The murder-terror trial of Nathaniel Veltman in Ontario Superior Court in Windsor is in its second week. On Monday, the jury watched a police video of the accused speaking to London police Det. Micah Bourdeau the morning after the attack.
Bourdeau was in the witness box Monday as the video was playing.
In the footage, the accused says, “I would say I didn’t feel like I had much to lose at all. If I did, I wouldn’t have done it because there would have been someone else, but I didn’t have much to lose.”
Veltman said he spent a lot of time on the internet doing “research” about what he called media dishonesty and the role of Western governments in covering up crimes committed by minorities against white people. Even online, the accused said, he didn’t interact with people who shared his views because he was worried about being put on a government watch list.
“I was very paranoid about the feds,” he told the detective.
Veltman, 22, is charged with four counts of first-degree murder and one count of attempted murder, as well as associated terror charges. He has pleaded not guilty.
Yumnah Afzaal, 15, her parents, Madiha Salman, 44, and Salman Afzaal, 46, and family matriarch Talat Afzaal, 74, were killed.

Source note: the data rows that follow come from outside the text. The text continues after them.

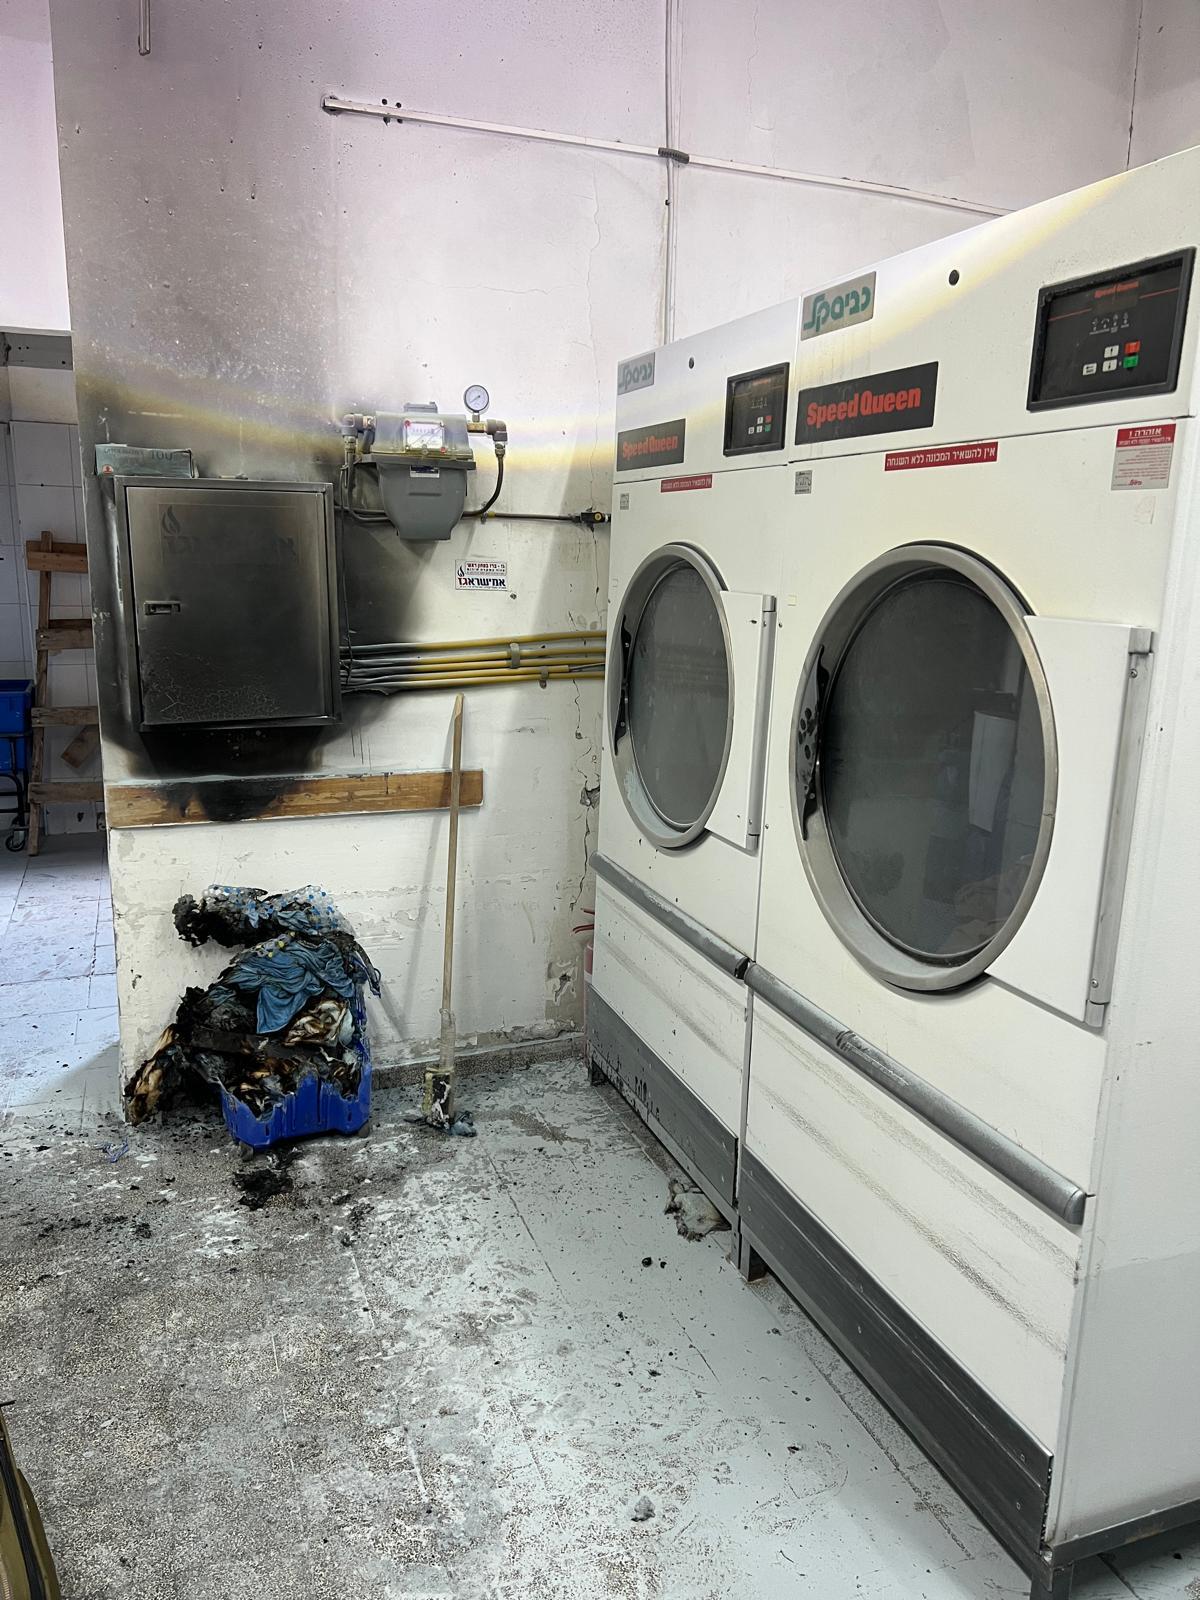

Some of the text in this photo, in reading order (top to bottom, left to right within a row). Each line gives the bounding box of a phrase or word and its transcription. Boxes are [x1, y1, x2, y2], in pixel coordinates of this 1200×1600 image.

[806, 387, 921, 429] Speed Queen
[623, 435, 678, 459] Speed Queen
[886, 447, 995, 467] אין להשאיר המכונה ללא השגחה
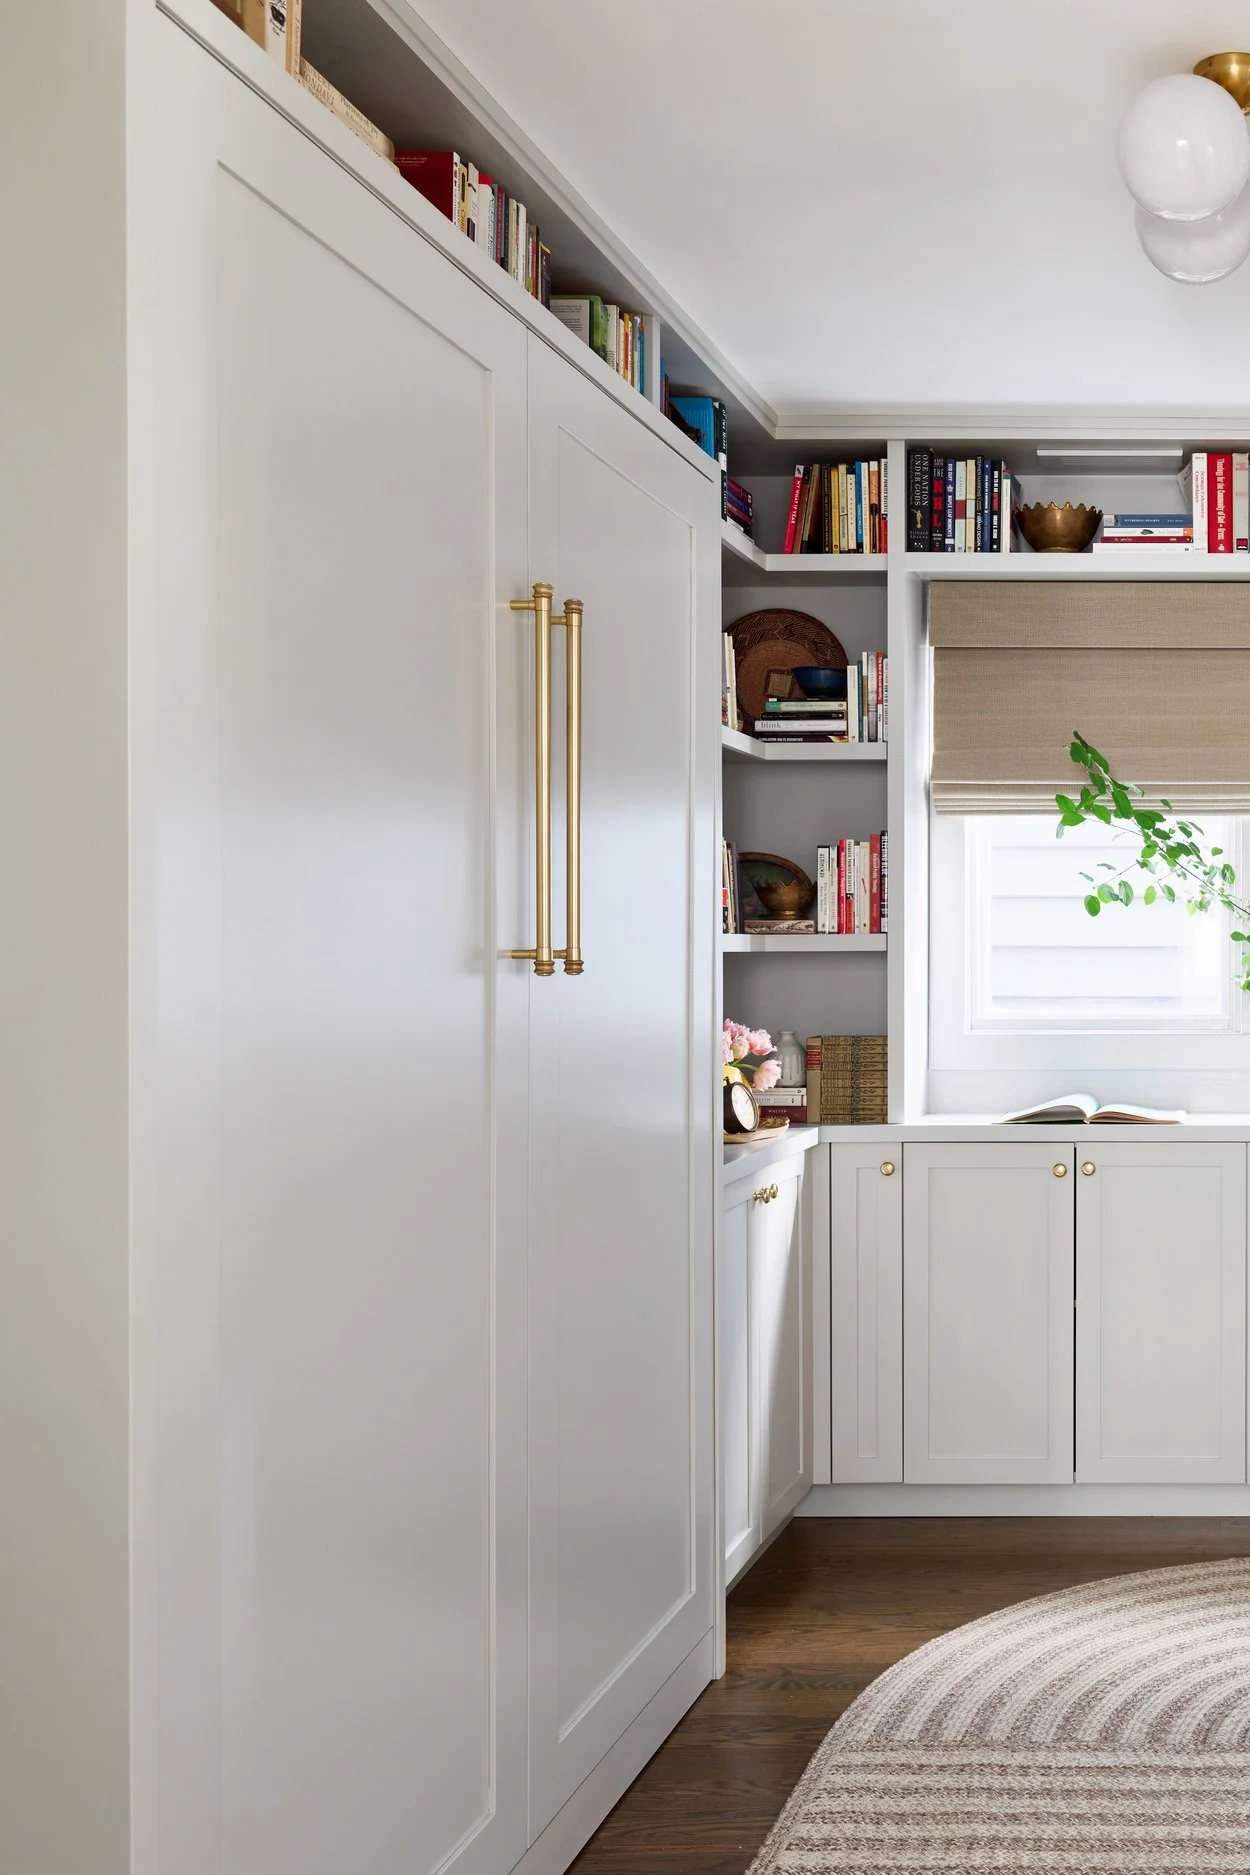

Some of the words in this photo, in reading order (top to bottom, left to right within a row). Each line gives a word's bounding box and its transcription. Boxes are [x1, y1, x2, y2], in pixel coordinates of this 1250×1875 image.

[914, 454, 922, 482] UNDER
[921, 454, 929, 472] ONE
[933, 468, 944, 478] THE
[1216, 459, 1225, 476] Theology
[797, 480, 801, 489] MY
[914, 484, 922, 506] GODS
[921, 474, 929, 506] NATION
[933, 479, 944, 527] NHL
[1216, 490, 1225, 511] Community

A boy who was nine years old at the time survived.
Prosecutors allege they were targeted because they were wearing traditional Pakistani clothing and were Muslim.

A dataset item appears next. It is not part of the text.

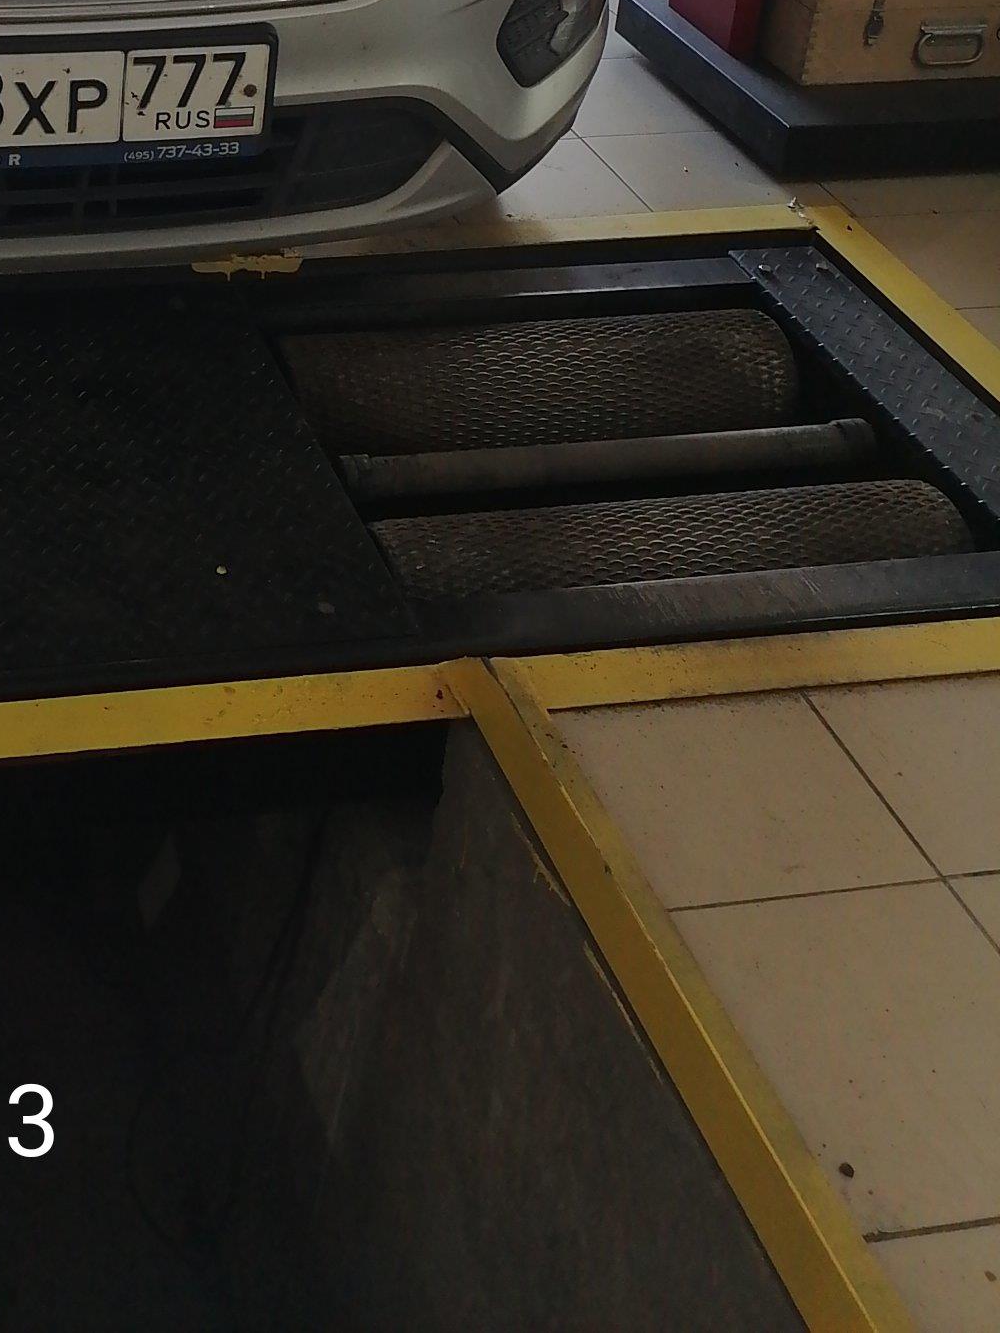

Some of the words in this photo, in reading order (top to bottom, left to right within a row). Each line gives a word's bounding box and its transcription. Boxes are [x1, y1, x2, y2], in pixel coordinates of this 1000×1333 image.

Bourdeau had interviewed the accused — the detective balked when defence lawyer Christopher Hicks suggested it was an interrogation — two separate times following the attack: for about 2½ hours until close to 4 a.m., and again starting at around 9:30 a.m.
Questioned about why the interview was so urgent given the accused was in custody and his truck was secured, Bourdeau said it was impossible to tell if Veltman had been working with anyone or what else the accused may have been planning.
“Our city has never seen anything like this and I would venture to say we didn’t know what exactly we were dealing with,” Bourdeau told Hicks under cross-examination. “We didn’t know what we didn’t know. We didn’t know if there was further danger to the public, and I and the investigative team felt that it was imperative to find that out as soon as possible.”
Bourdeau denied Hicks’s suggestions that the overnight interview was an attempt to keep the accused “as uncomfortable as possible: giving [those in custody] no food, no water, a cement bed, keep them cold.”
“Whether he was exhausted or afraid, that was not by my design. I spoke to him then because I thought it was urgent to do so,” the detective testified.
He said he repeatedly asked the accused if he needed something to eat or drink, and during the second interview brought him a blanket, which can be seen on the interview video played for the jury.
Being in police custody brought a “huge sense of relief,” the accused says in the video to the detective.
“I went through with it — it’s over. I’m going to jail now. It’s done. I’m relieved that I finally did it, that I followed through with it,” he said. “At first I felt sick, I always feel sick, because it wasn’t a very pleasurable thing to do, but the fact that I had followed through was a relief. But still, it doesn’t seem real.”
Veltman confirmed to Bourdeau that the one friend he had was Muslim. That baffled the detective, who said he was confused how he could be friends with a Muslim person and also set out to kill people who follow Islam.
“He’s secular,” the accused explained about his friend. “And I doubt he wants anything to do with me now, but yeah, he’s probably the closest friend I’ve ever had. He technically comes from a Muslim family but he’s not really Muslim.”
T-shirt taken as evidence
A police video of an interview earlier on the night he was arrested was played to the jury last week. In it, the accused appears confident and happy to talk about his motivations for killing the family, including revenge and to send a warning to others who practise Islam.
By the second interview, at around 10 a.m., he’s cold and sits hunched over, often hugging himself. He tells the officer, “I feel like I’m having a dream.
“Look, I didn’t want to do this — I just felt like I had to,” he tells Bourdeau. “This was very, very, very distasteful, but I just felt like it was the only way I could send the message I had to send. I felt like I had no other option.”
Eventually, the T-shift he’s wearing, which is white and spray painted with a large black cross, is taken as evidence. The accused told the detective the shirt is a joke, meant to look like a “crusader shirt.”
He also told Bourdeau he made a point to flash the “OK” sign with his hand when he was arrested, a benign symbol that in some circles has come to symbolize white power.
“It was a successful troll,” he explained. “The stupid liberals call everything racist all day every day, and people thought, ‘I bet we can make them think the OK symbol is racist,’ and it worked.”
He noted he doesn’t use the term white power because he doesn’t want to “enslave the Blacks,” but rather, he wants “ethnic autonomy” and to “not give over everything to minorities.”
The defence’s cross-examination of Bourdeau is expected to continue on Tuesday.